Entries provided below:

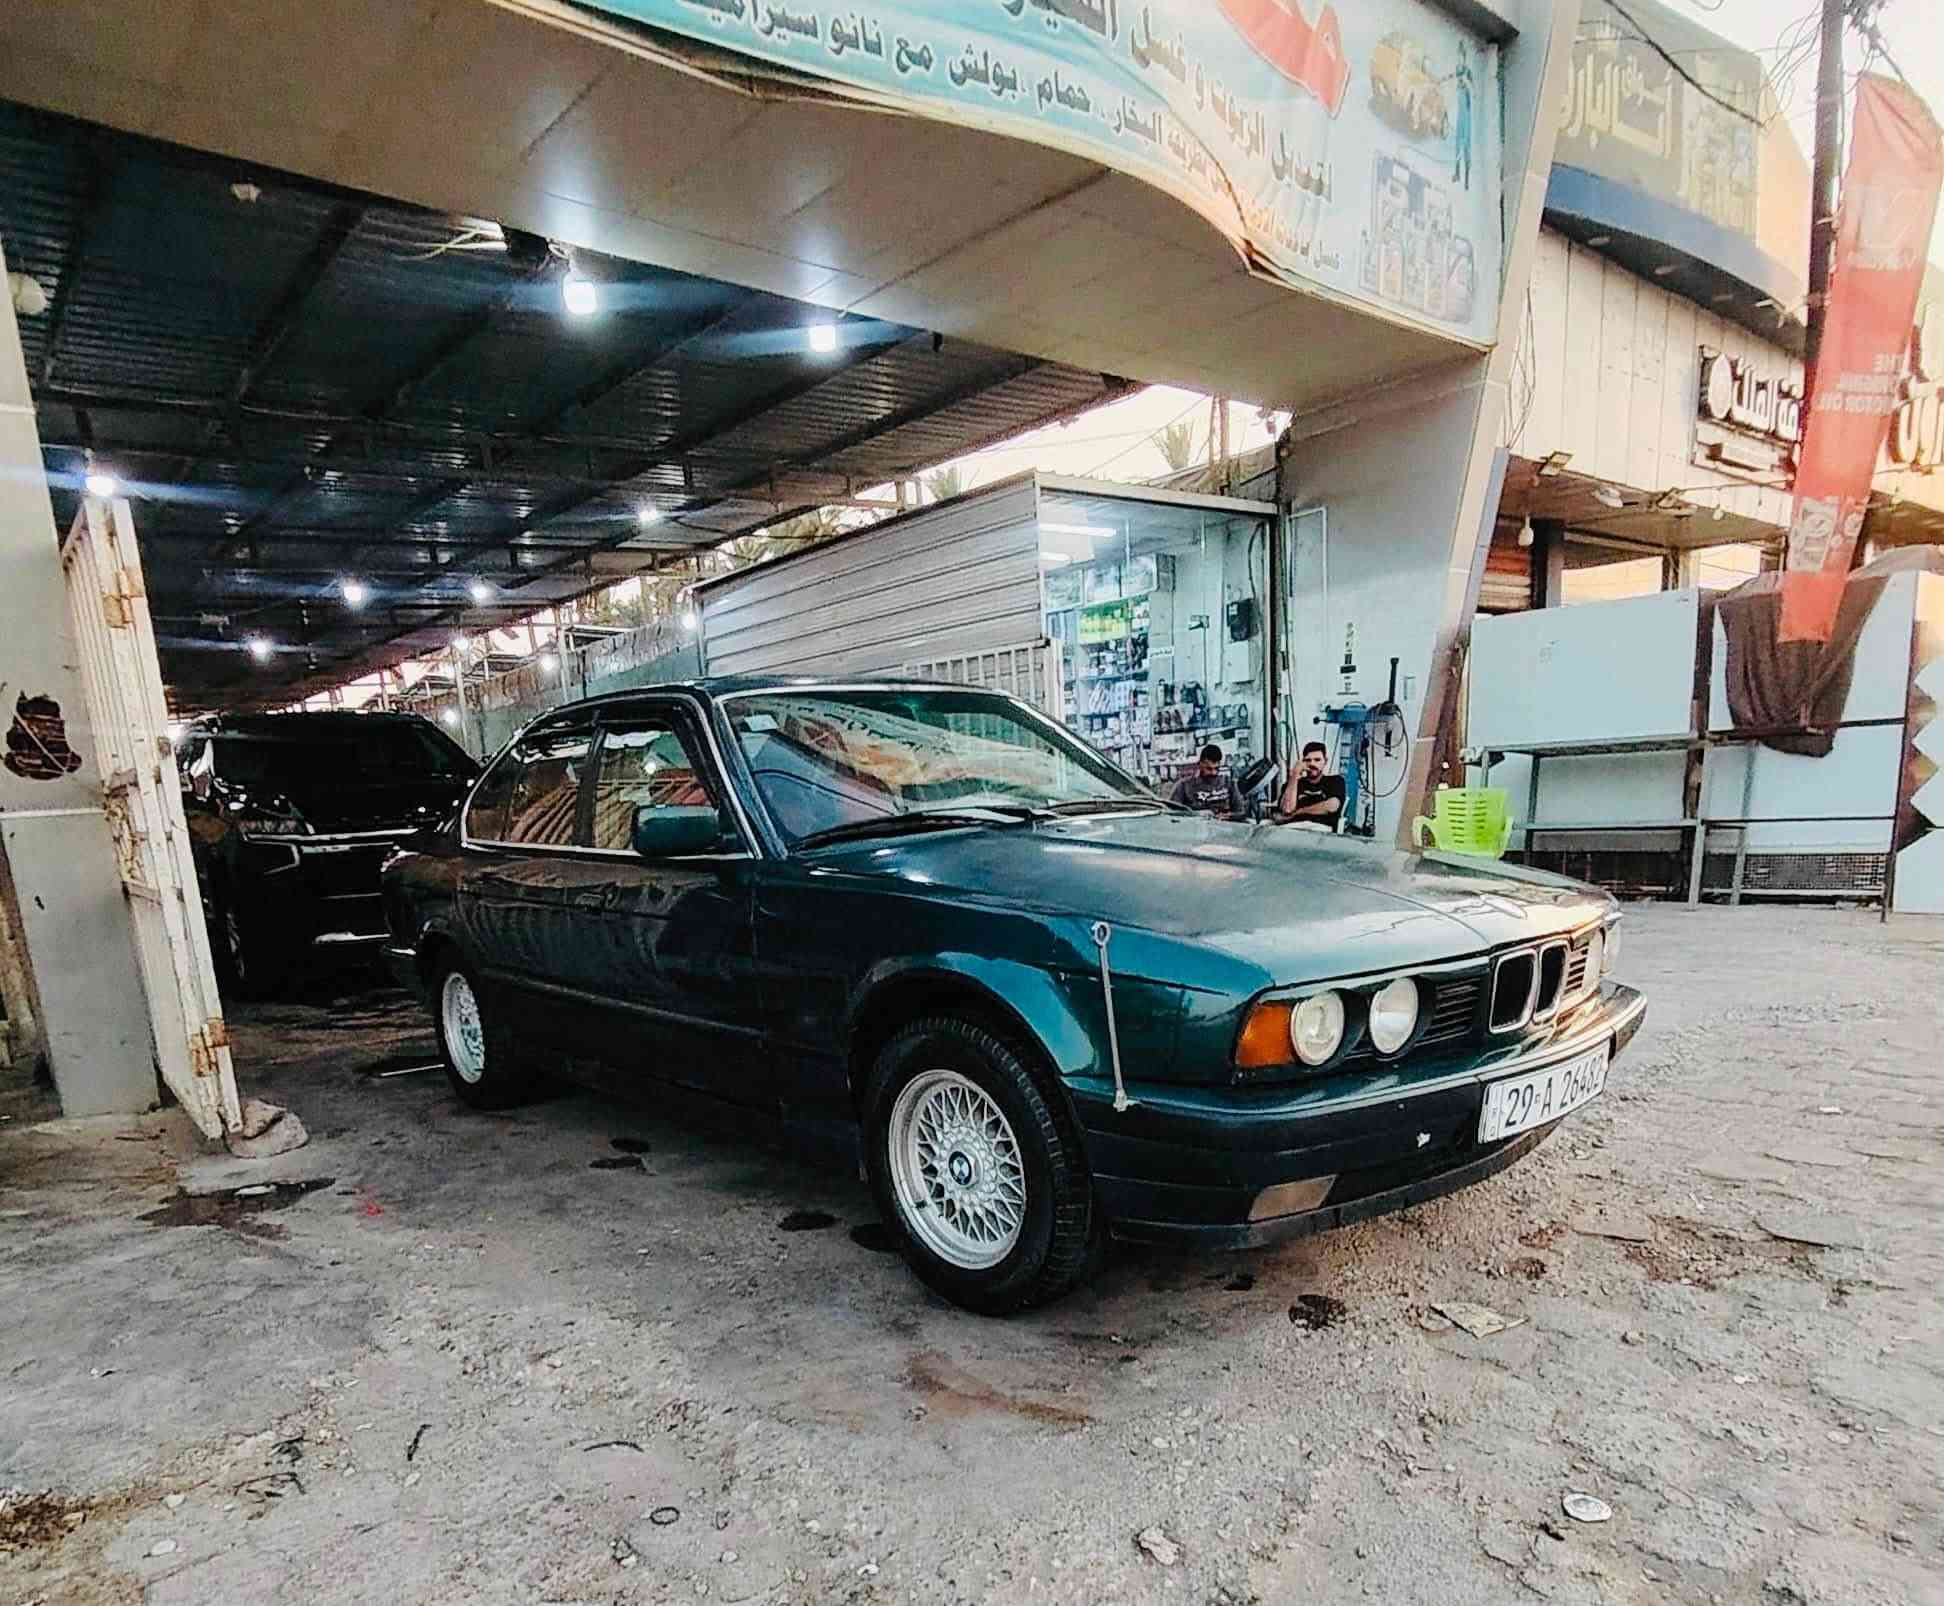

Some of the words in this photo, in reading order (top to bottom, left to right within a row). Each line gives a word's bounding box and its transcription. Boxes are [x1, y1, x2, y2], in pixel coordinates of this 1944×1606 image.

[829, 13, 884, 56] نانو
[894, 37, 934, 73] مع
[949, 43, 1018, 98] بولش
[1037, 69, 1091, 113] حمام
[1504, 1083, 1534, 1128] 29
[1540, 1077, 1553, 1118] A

End of Entries provided.

▸ Aim of the task:
Apart from the pictures, every line above must be repeated exactly.

▸ Response to the exercise:
Some of the words in this photo, in reading order (top to bottom, left to right within a row). Each line gives a word's bounding box and its transcription. Boxes are [x1, y1, x2, y2], in pixel coordinates of this 1944×1606 image.

[829, 13, 884, 56] نانو
[894, 37, 934, 73] مع
[949, 43, 1018, 98] بولش
[1037, 69, 1091, 113] حمام
[1504, 1083, 1534, 1128] 29
[1540, 1077, 1553, 1118] A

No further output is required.